Steve Jobs: Portrait of the Artist as a Pain in the A
It’s a reflection of how artfully director Danny Boyle, screenwriter Aaron Sorkin and actor Michael Fassbender craft their portrait of Steve Jobs that at the beginning of the film he’s an insufferable jerk and by the end has become a poignant, even heroic, figure—in addition to still being an insufferable jerk. The film opened a few weeks ago to strongly favorable reviews, but has been labelled a flop by the Hollywood press because it didn’t perform at the box office when it moved from limited to wide release. Possibly the audience for 122 minutes of smart people wittily bitching at each other really is limited or possibly the movie, which is based on Walter Isaacson’s 2011 biography, will slowly build a following (as Apple did), but “flop” is definitely not the right word.
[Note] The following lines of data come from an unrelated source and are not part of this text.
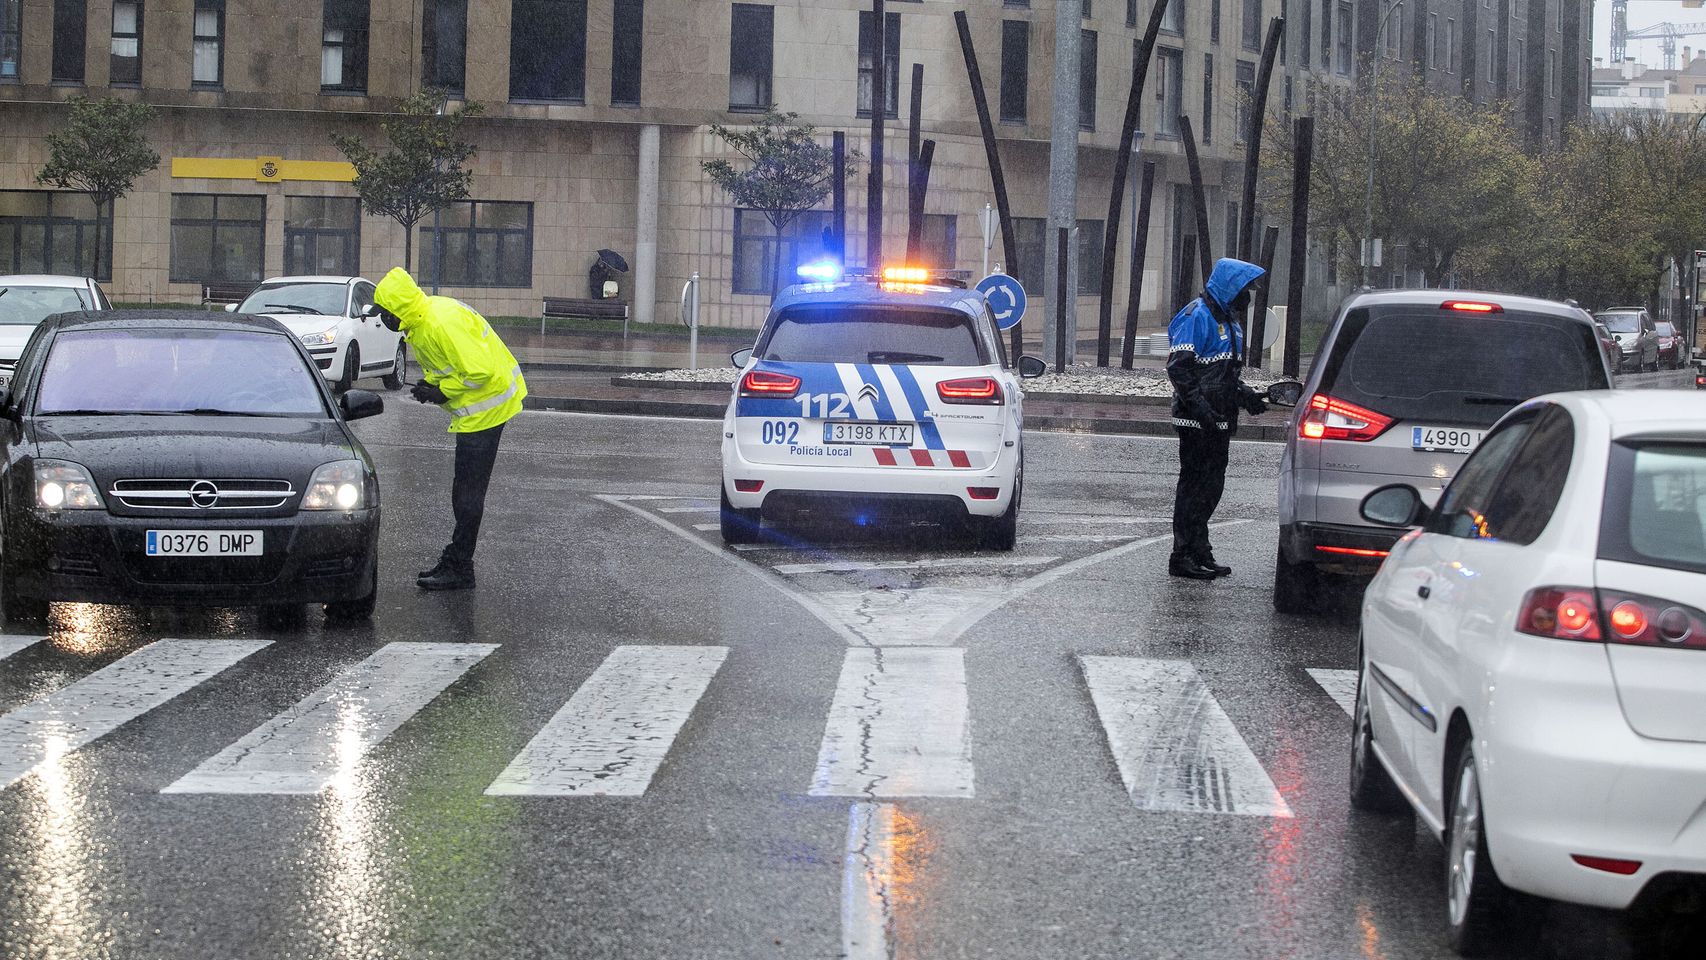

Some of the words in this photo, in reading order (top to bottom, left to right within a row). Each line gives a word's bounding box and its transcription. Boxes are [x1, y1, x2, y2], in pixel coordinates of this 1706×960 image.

[794, 392, 850, 418] 112
[762, 420, 799, 445] 092
[835, 425, 873, 440] 3198
[879, 426, 907, 441] KTX
[1424, 429, 1470, 447] 4990
[790, 445, 823, 456] Policía
[826, 446, 852, 457] Local
[161, 534, 208, 553] 0376
[219, 534, 254, 553] DMP
Based on Isaacson’s biography—but not, by any stretch, a bio-pic—Steve Jobs is as pared down and sleekly-designed as the iPhone 6. By reducing Jobs’s story to three distinct acts—the moments before three product launches—the filmmakers create a hybrid of stylized theatrical compression and wisecracking, real-world dialogue that turns out to be the perfect vehicle for capturing the contradictions of tech history. Each product launch comes with its own design crisis and accompanying Jobs tantrum—in act one it’s whether or not the new Macintosh Computer will be able to say, “Hello”—and each advances the story of Jobs’s troubled relationships with his daughter, his Marketing Director Joanna Hoffman (Kate Winslet) and his colleagues from the early days of Apple, John Scully (Jeff Daniels), Steve Wozniak (Seth Rogen) and Andy Hertzfeld (Michael Stuhlbarg).
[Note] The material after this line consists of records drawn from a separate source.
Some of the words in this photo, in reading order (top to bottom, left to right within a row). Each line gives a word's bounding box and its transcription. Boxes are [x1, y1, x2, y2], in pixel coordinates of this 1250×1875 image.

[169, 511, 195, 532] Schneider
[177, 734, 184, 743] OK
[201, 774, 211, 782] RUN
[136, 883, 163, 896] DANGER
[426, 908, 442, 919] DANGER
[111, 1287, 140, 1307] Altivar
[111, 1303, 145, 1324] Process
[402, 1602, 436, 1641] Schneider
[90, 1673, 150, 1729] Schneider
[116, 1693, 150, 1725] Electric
To all of these people Jobs is both monster and inspiration. They hate and love him in roughly equal measure and the movie sets out to make the audience feel the same way. Fassbender, who has made a career of playing despicable people charismatically—he was the sex addict in Shame and the vicious plantation master in 12 Years a Slave—adds a note of sweetness to Steve Jobs, recognizing that an egomaniacal tech pioneer must be at some level charming even if he is a pain in the ass. Sorkin’s dialogue is a modernized, tech-lacquered riff on 1930s screwball comedy, and Boyle stages it like an installment of the Fast and Furious franchise. Here the insults take off smoking and leave skid marks.
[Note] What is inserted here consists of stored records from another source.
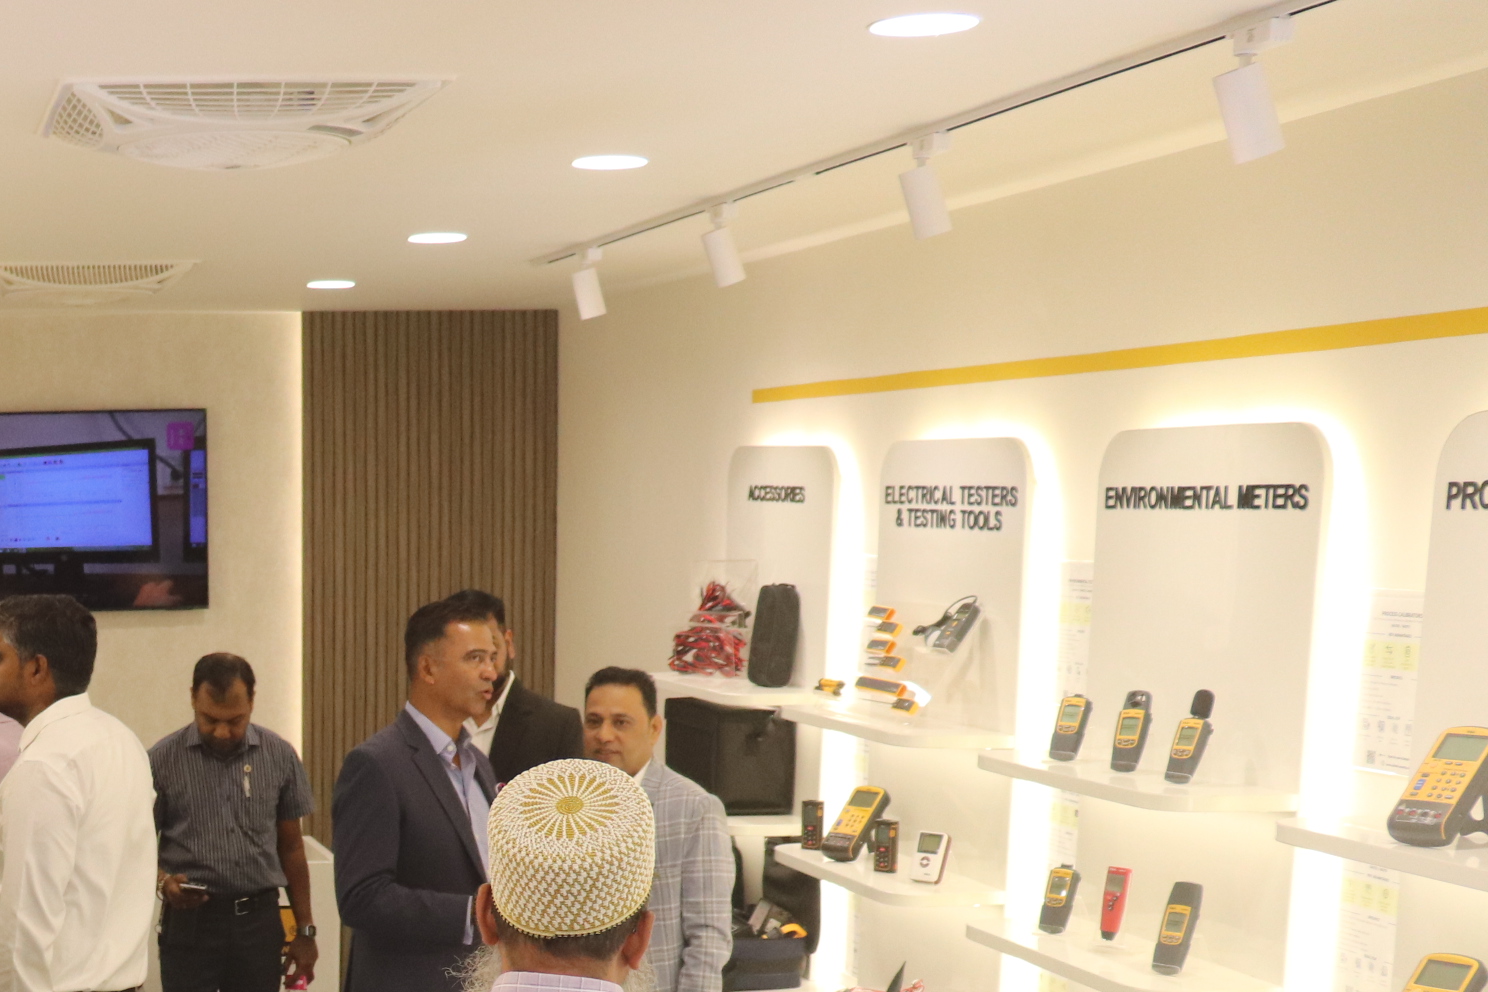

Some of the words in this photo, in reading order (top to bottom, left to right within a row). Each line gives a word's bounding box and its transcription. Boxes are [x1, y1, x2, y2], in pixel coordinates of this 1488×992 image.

[748, 485, 806, 503] ACCESSORIES
[885, 486, 956, 505] ELECTRICAL
[960, 486, 1019, 507] TESTERS
[1104, 485, 1234, 510] ENVIRONMENTAL
[1237, 484, 1310, 511] METERS
[896, 508, 904, 527] &
[907, 508, 957, 530] TESTING
[960, 510, 1003, 531] TOOLS
For designers Steve Jobs is a feast. The movie is all about design—why that “Hello” was so important to the product launch; why a perfect cube doesn’t look perfect; why the guts of the first iMac were visible, but not accessible. It is one of the film’s wittiest conceits that the three big events it dramatizes came before the inventions that made Steve Jobs’s reputation. Was he a Thomas Edison or a P.T. Barnum? This movie addresses that question and like every Apple product, allows the user to invent his own answer.